Wachovia utilizes a mortgage-servicing technology platform with multiple capabilities and reporting functions. This platform allows Wachovia to process mortgage servicing activities including, but not limited to: (i) performing account maintenance; (ii) tracking borrower communications; (iii) tracking real estate tax escrows and payments, insurance escrows and payments, replacement reserve escrows and operating statement data and rent rolls; (iv) entering and updating transaction data; and (v) generating various reports.

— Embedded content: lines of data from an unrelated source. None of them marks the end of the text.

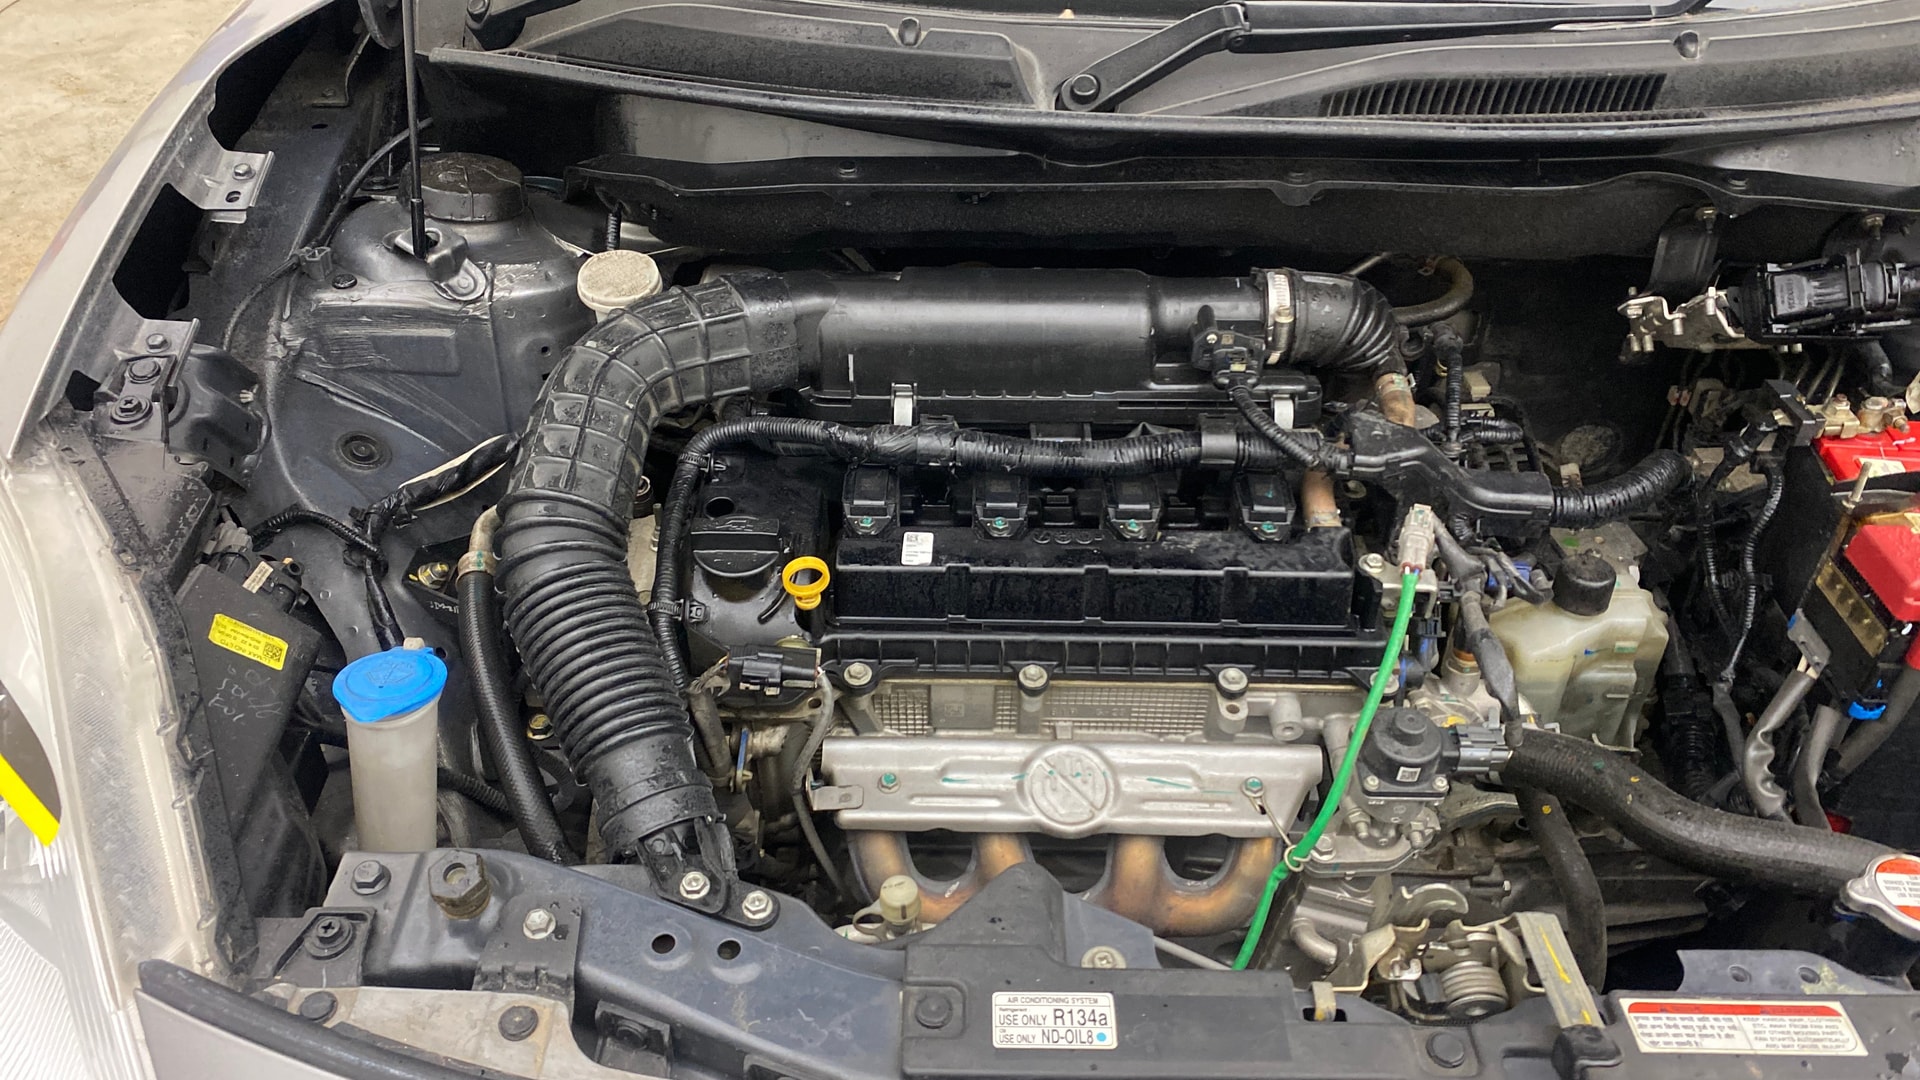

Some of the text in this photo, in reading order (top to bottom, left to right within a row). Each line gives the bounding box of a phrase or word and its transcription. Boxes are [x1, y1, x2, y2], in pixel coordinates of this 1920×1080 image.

[1007, 996, 1019, 1004] AIR
[1020, 996, 1070, 1004] CONDITIONING
[999, 1008, 1108, 1026] USE ONLY R134a
[999, 1028, 1094, 1045] USE ONLY ND-OIL8
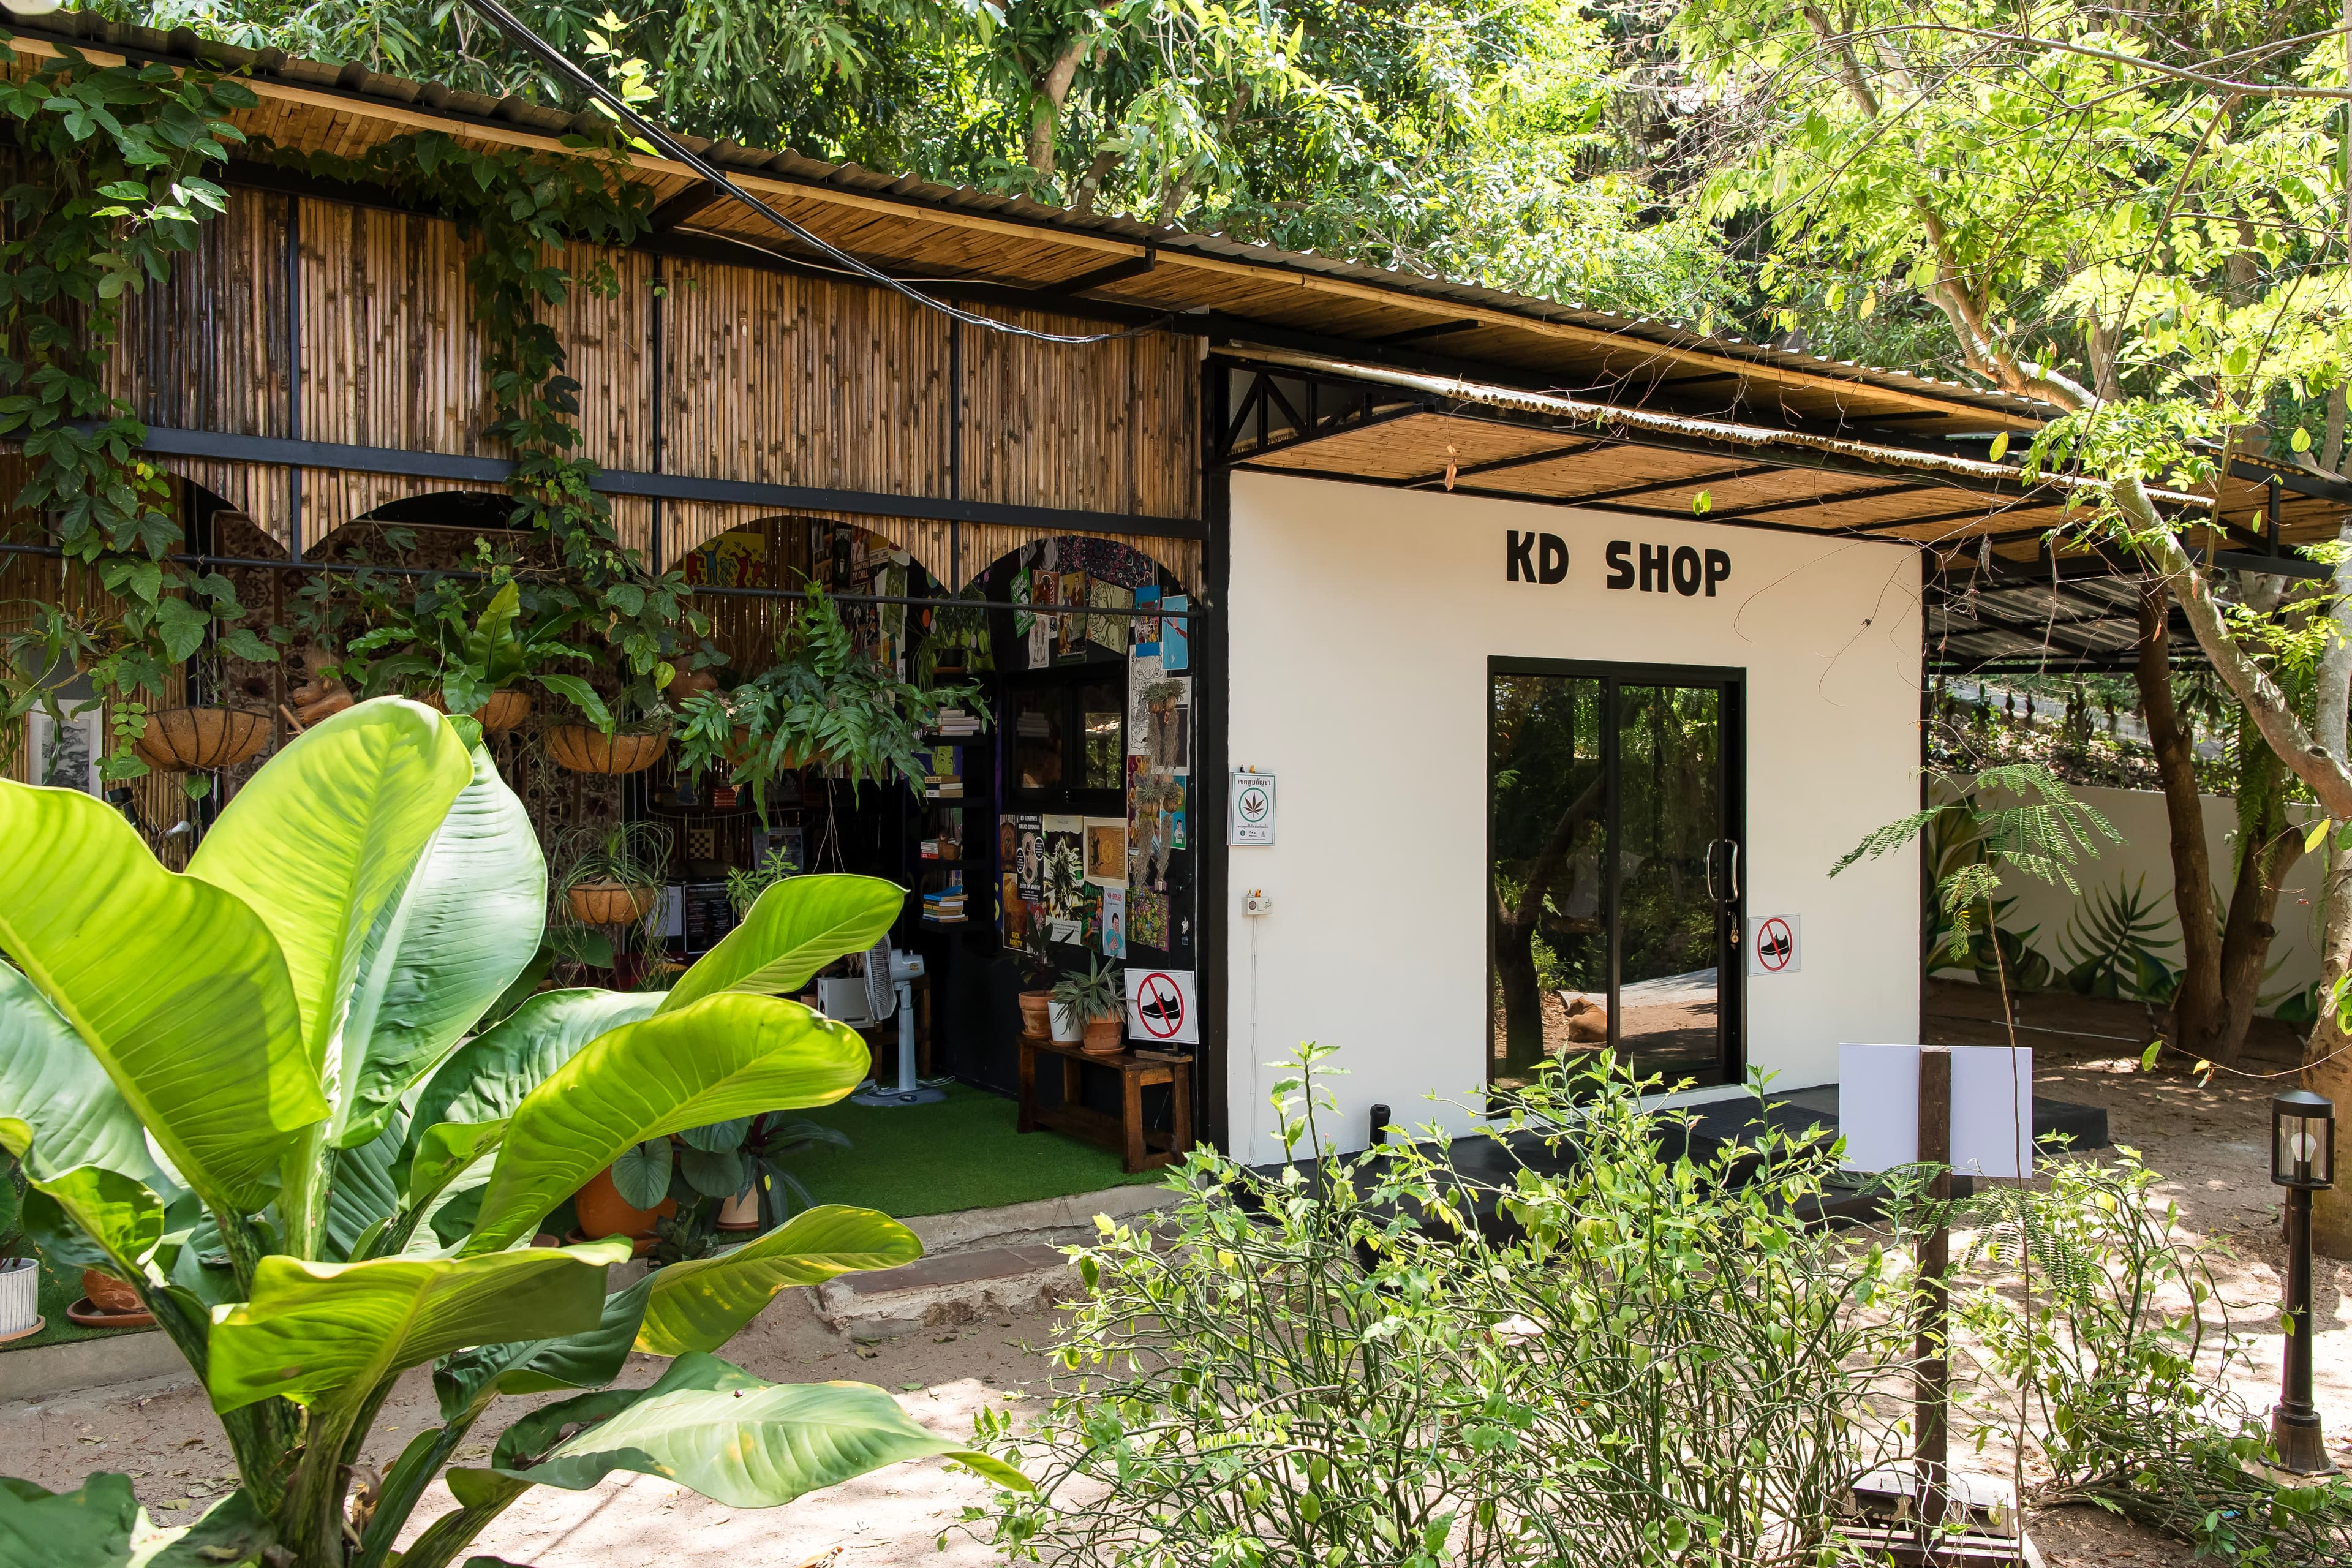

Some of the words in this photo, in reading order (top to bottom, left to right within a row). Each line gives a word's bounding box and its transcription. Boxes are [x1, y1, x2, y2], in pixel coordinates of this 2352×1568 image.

[1506, 530, 1569, 584] KD
[1606, 540, 1731, 597] SHOP
[853, 571, 858, 581] TO
[858, 568, 869, 579] CHILL
[1112, 893, 1122, 902] DRUGS

The table below sets forth information regarding the aggregate amount of principal and interest advances and servicing advances (i) made by Wachovia, as master servicer, on commercial and multifamily mortgage loans included in commercial mortgage-backed securitizations master serviced by Wachovia and (ii) outstanding as of the dates indicated:

 

Date

   Approximate Securitized
Master-Serviced Portfolio
(UPB)*
   Approximate Outstanding
Advances (P&I and PPA)*
   Approximate Outstanding
Advances as % of UPB
 

December 31, 2004

   $ 113,159,013,933    $ 129,858,178    0.1 %

December 31, 2005

   $ 142,222,662,628    $ 164,516,780    0.1 %

December 31, 2006

   $ 201,283,960,215    $ 162,396,491    0.1 %

* “UPB” means unpaid principal balance, “P&I” means principal and interest advances and “PPA” means property protection advances.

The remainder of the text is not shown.